::: Records for the task

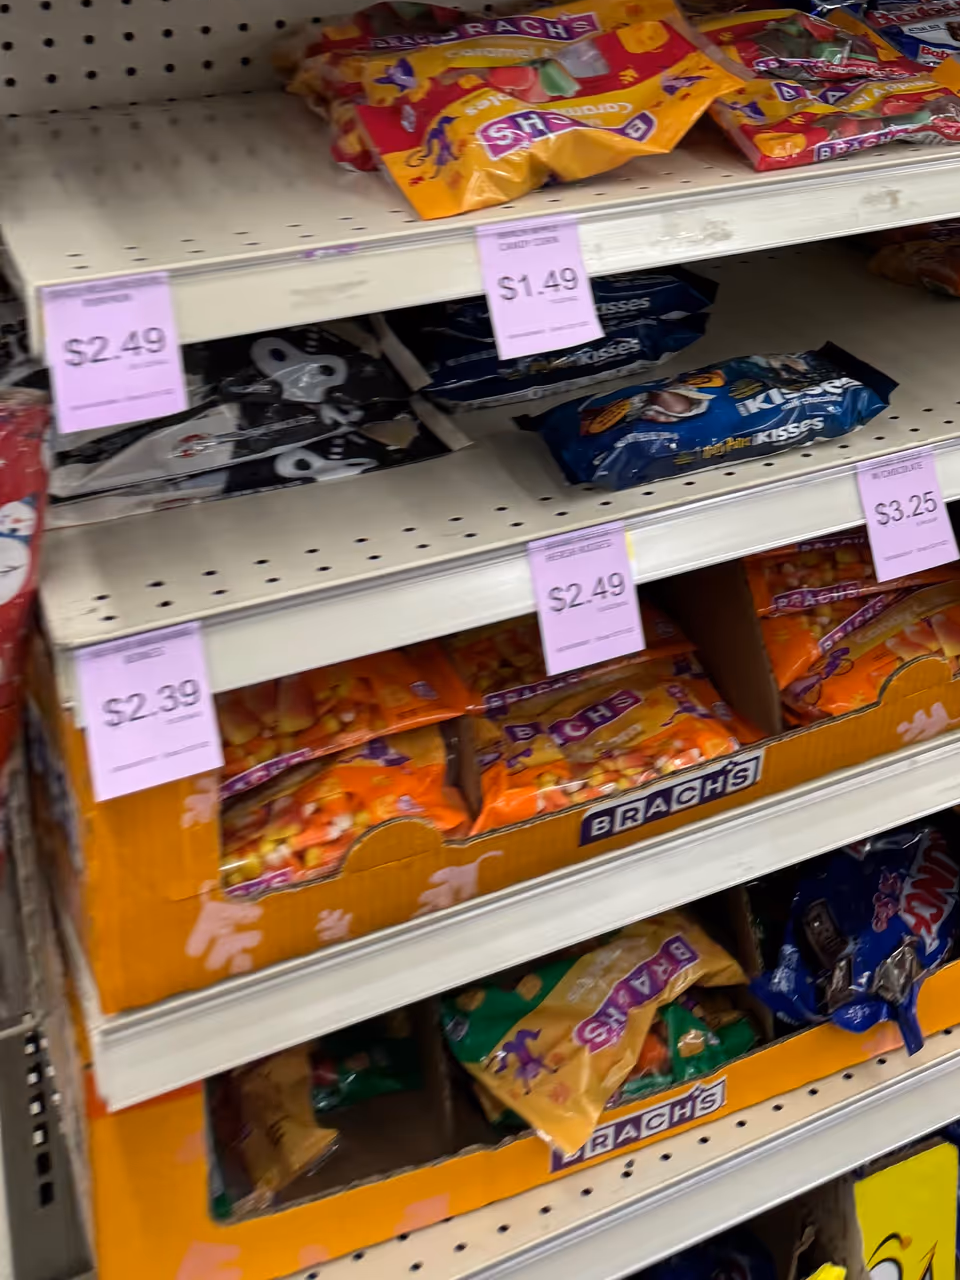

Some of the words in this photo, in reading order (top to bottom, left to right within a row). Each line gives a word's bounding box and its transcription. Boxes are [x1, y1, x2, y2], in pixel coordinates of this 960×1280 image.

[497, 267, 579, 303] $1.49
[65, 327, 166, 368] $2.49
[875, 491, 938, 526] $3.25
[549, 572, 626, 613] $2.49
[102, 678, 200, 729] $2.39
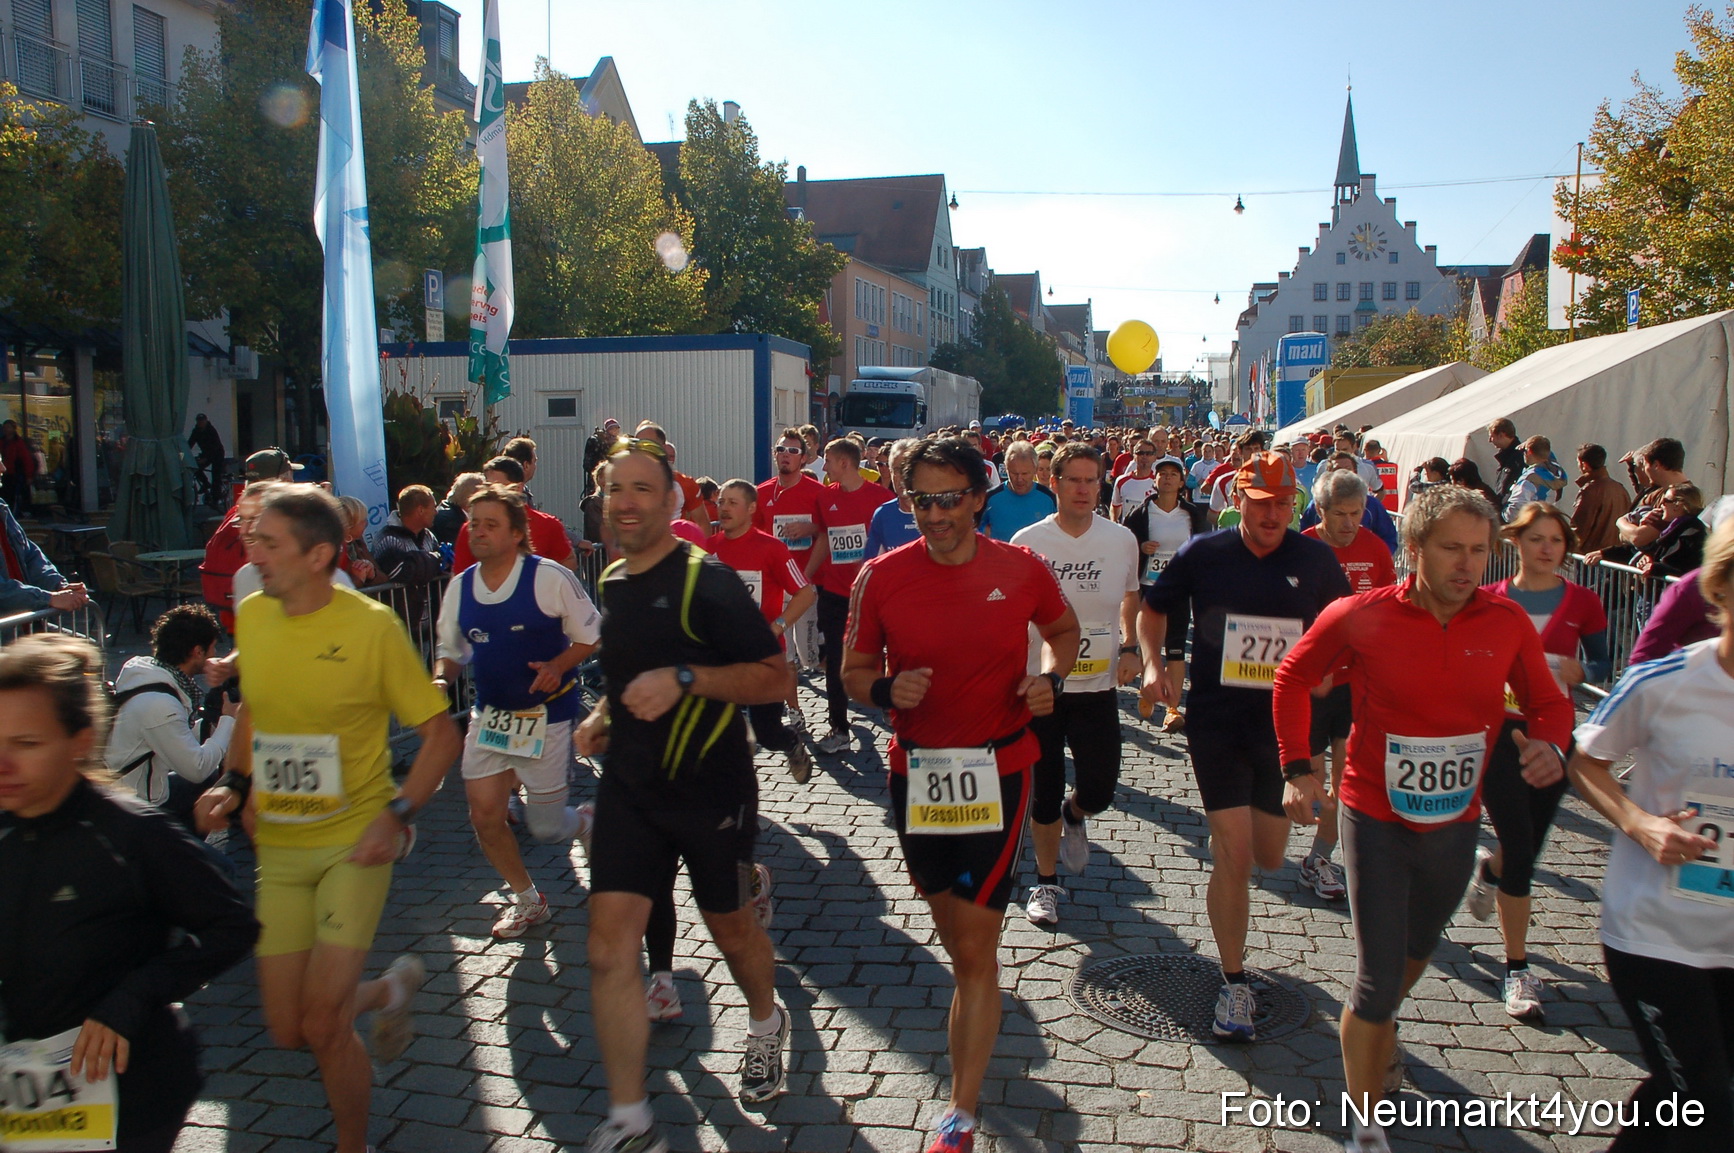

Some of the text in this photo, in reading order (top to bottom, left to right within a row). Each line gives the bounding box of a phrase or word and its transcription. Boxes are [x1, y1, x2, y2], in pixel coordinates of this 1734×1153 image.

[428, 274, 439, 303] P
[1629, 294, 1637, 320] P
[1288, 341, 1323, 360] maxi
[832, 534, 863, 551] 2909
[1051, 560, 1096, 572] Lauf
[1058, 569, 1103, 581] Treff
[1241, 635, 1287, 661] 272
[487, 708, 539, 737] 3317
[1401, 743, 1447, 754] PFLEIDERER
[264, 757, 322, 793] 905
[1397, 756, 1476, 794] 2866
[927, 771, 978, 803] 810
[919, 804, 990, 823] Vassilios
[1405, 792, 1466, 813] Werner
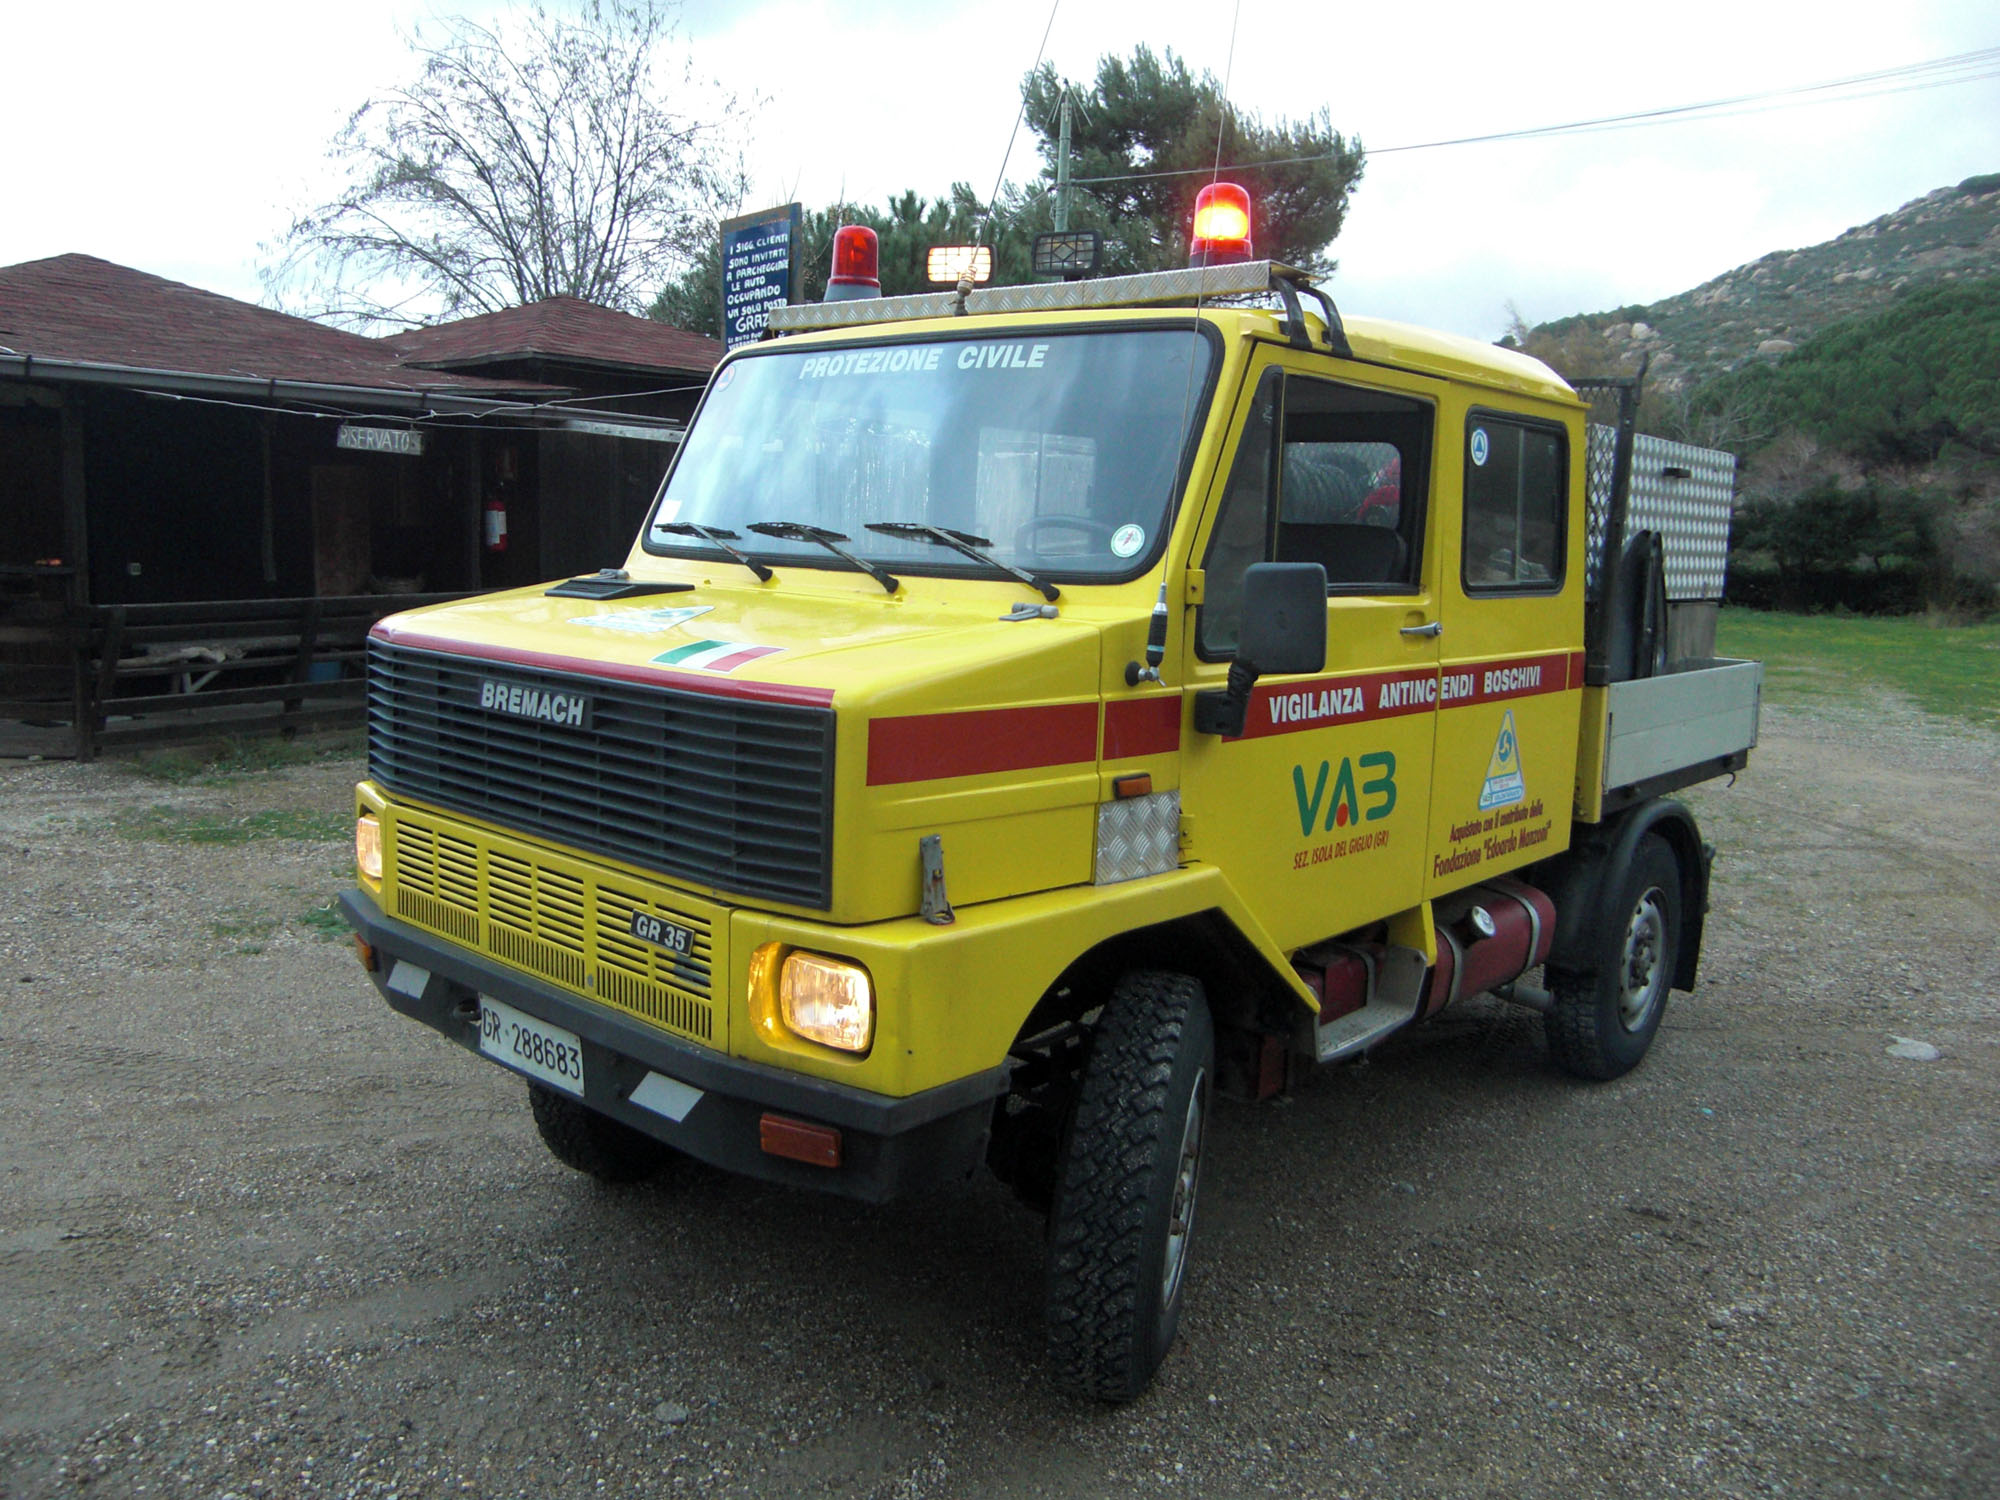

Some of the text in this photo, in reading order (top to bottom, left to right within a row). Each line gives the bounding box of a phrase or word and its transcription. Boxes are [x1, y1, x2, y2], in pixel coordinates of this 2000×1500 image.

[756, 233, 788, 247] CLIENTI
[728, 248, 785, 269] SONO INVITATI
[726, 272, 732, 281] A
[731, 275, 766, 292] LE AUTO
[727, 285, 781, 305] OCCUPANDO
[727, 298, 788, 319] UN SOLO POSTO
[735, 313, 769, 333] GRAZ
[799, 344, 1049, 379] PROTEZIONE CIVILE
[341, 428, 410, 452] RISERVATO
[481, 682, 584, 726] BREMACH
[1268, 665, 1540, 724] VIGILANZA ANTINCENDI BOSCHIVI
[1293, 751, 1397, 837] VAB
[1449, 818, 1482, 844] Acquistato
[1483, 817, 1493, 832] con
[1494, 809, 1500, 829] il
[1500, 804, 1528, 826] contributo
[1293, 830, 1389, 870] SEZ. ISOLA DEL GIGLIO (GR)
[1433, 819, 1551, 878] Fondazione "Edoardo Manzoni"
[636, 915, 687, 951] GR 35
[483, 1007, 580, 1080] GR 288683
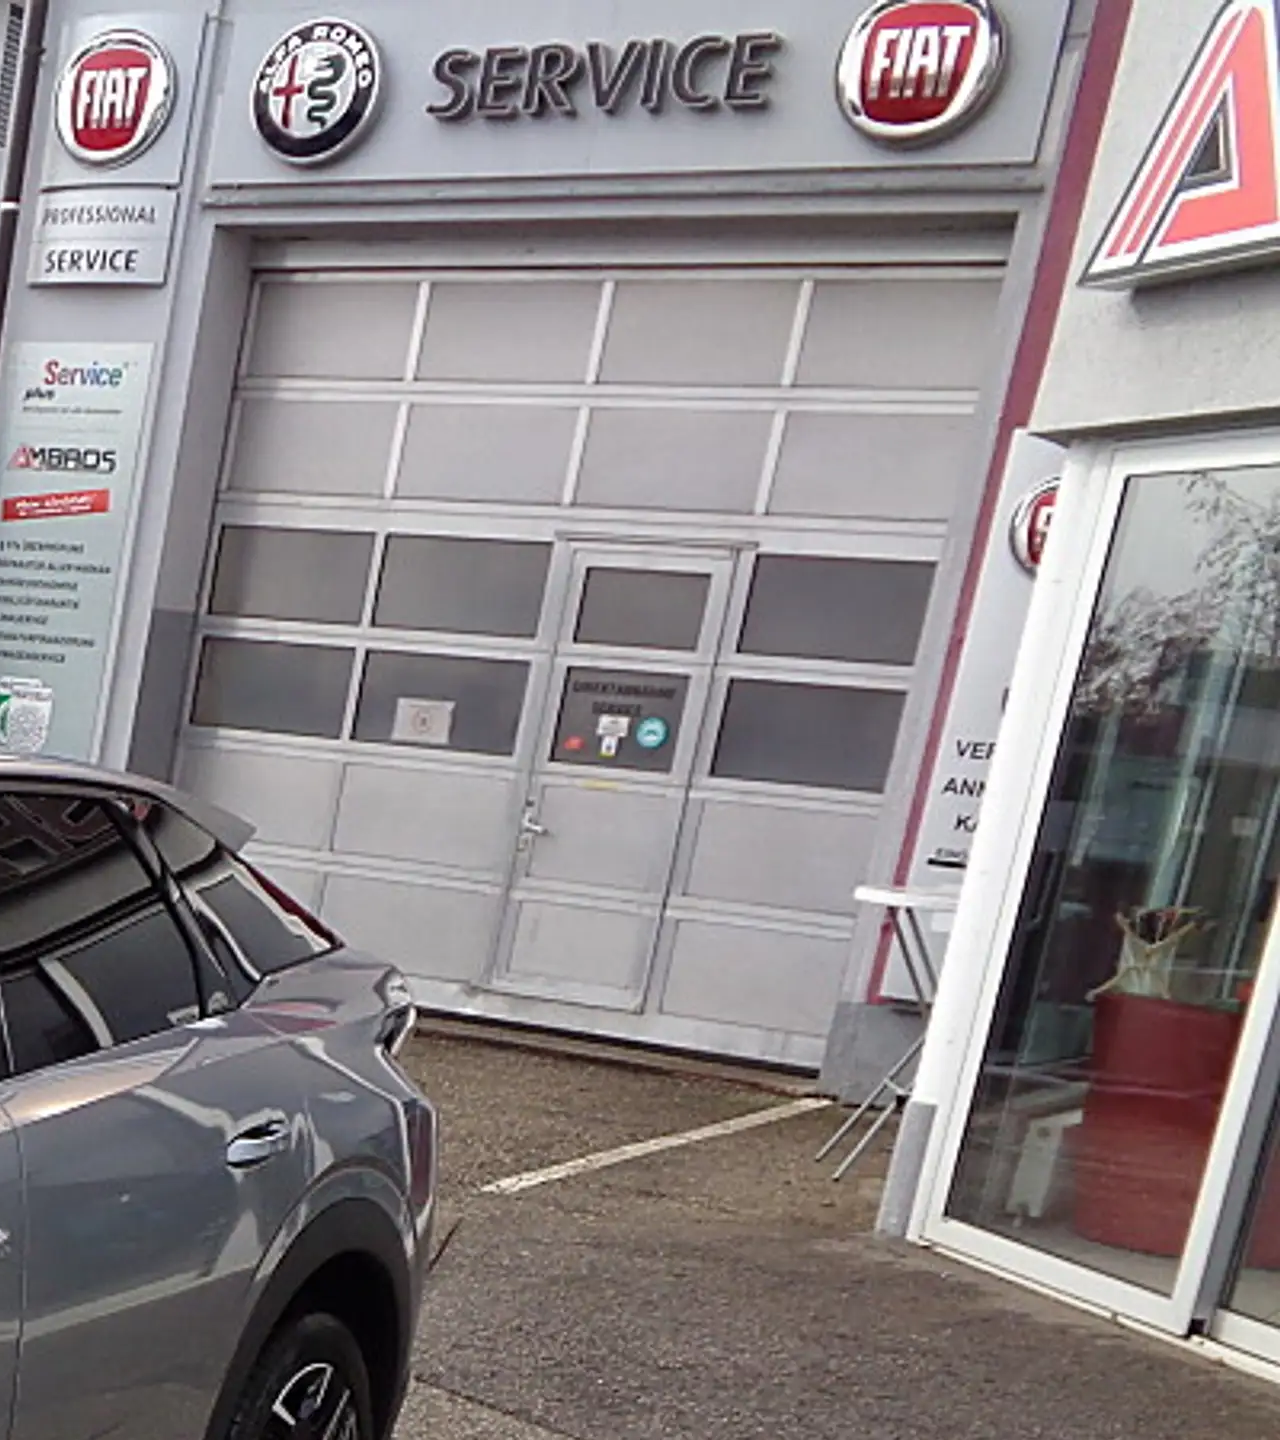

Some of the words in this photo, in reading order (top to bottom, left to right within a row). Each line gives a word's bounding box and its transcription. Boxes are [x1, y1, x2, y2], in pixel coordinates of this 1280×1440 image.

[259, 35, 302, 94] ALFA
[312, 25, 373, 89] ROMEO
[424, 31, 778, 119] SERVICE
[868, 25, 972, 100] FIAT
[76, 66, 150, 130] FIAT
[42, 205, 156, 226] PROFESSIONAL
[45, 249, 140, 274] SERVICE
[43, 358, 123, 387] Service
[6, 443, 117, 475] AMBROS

::::::

* _Work to be completed_:
From the line containing "this 2000×1500 image." to the final line of the entries, both included, transcribe every line exactly, omit the pictures, and add nothing more.

* _Exercise response_:
Some of the text in this photo, in reading order (top to bottom, left to right within a row). Each line gives the bounding box of a phrase or word and its transcription. Boxes are [x1, y1, x2, y2], in pixel coordinates of this 2000×1500 image.

[756, 233, 788, 247] CLIENTI
[728, 248, 785, 269] SONO INVITATI
[726, 272, 732, 281] A
[731, 275, 766, 292] LE AUTO
[727, 285, 781, 305] OCCUPANDO
[727, 298, 788, 319] UN SOLO POSTO
[735, 313, 769, 333] GRAZ
[799, 344, 1049, 379] PROTEZIONE CIVILE
[341, 428, 410, 452] RISERVATO
[481, 682, 584, 726] BREMACH
[1268, 665, 1540, 724] VIGILANZA ANTINCENDI BOSCHIVI
[1293, 751, 1397, 837] VAB
[1449, 818, 1482, 844] Acquistato
[1483, 817, 1493, 832] con
[1494, 809, 1500, 829] il
[1500, 804, 1528, 826] contributo
[1293, 830, 1389, 870] SEZ. ISOLA DEL GIGLIO (GR)
[1433, 819, 1551, 878] Fondazione "Edoardo Manzoni"
[636, 915, 687, 951] GR 35
[483, 1007, 580, 1080] GR 288683

Some of the words in this photo, in reading order (top to bottom, left to right within a row). Each line gives a word's bounding box and its transcription. Boxes are [x1, y1, x2, y2], in pixel coordinates of this 1280×1440 image.

[259, 35, 302, 94] ALFA
[312, 25, 373, 89] ROMEO
[424, 31, 778, 119] SERVICE
[868, 25, 972, 100] FIAT
[76, 66, 150, 130] FIAT
[42, 205, 156, 226] PROFESSIONAL
[45, 249, 140, 274] SERVICE
[43, 358, 123, 387] Service
[6, 443, 117, 475] AMBROS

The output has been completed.